公表は施設運営に大きな影響を与える戒めです。
人権を侵害する虐待行為は決して許されません。
一方、高齢者虐待防止法は高齢者だけではなく、家族の介護者を守るための法律でもあります。
虐待に発展する前に、予防することがその趣旨です。
すべての国民は虐待を発見したら、市町村の高齢者担当窓口へ通報しなければなりません。
ケアマネ試験では虐待に関する問題が出題されますが、基本的な事柄を理解すれば正解できます。

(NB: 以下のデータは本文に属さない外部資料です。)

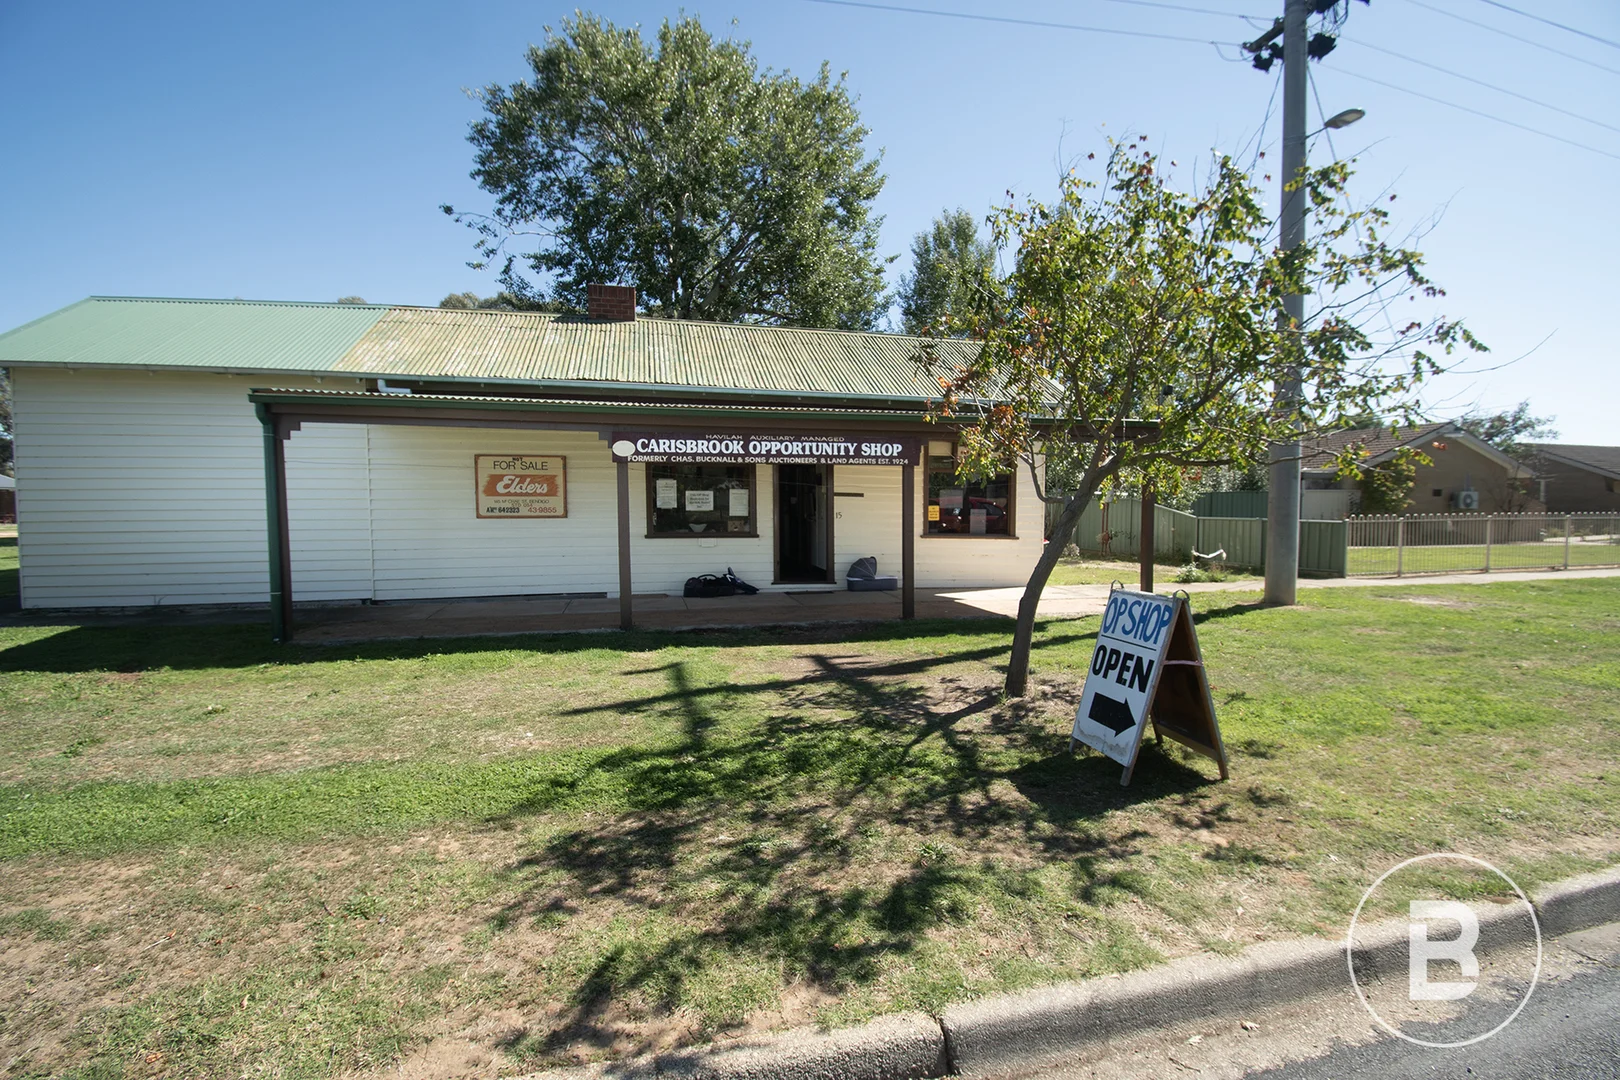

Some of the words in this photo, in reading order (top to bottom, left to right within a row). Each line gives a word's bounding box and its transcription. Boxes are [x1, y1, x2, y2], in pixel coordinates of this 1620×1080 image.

この記事を読めば、高齢者虐待防止法の目的や内容について理解することができます。
虐待について改めて知識を深めたい実務者の方にもオススメの記事です。
老健の運営管理をしてきた筆者が分かりやすくお伝えします。
問題と正答【2023年-問59】
ケアマネ試験の問題を1つ解いてみます。
よろしければ、トライしてください。
問題の直後に正答を記載しています。
解説のみご覧になりたい方は、本章を読み飛ばしても結構です。
問題59 高齢者虐待防止法について正しいものはどれか。3つ選べ。
1. 「高齢者」とは、75歳以上の者をいう。
2. 養護者が高齢者本人の財産を不当に処分することは、経済的虐待に該当する。
3. 養護者が高齢者に対して著しく拒絶的な対応をすることは、心理的虐待に該当しない。
4. 要介護施設には介護老人保健施設も含まれる。
5. 都道府県知事は、毎年度、要介護施設従事者等による高齢者虐待の状況等について公表するものとする。
2・4・5
高齢者と養護者を守る法律
高齢者の虐待に関する法律に、「高齢者虐待防止法」があります。
高齢者虐待防止法は略称です。
正式名称は「高齢者虐待の防止、高齢者の養護者に対する支援等に関する法律」です。
正式名称から分かる通り、高齢者だけではなく、養護者を守ることを規定しています。
ここで言う「養護者」は同居して介護をしているご家族を指します。
職業として介護をしている職員は、「養護者」に含まれないことに注意が必要です。
虐待の種類は次の通りです。
虐待防止のため、成年後見制度の利用促進も規定しています。
成年後見制度について、こちらもご覧ください。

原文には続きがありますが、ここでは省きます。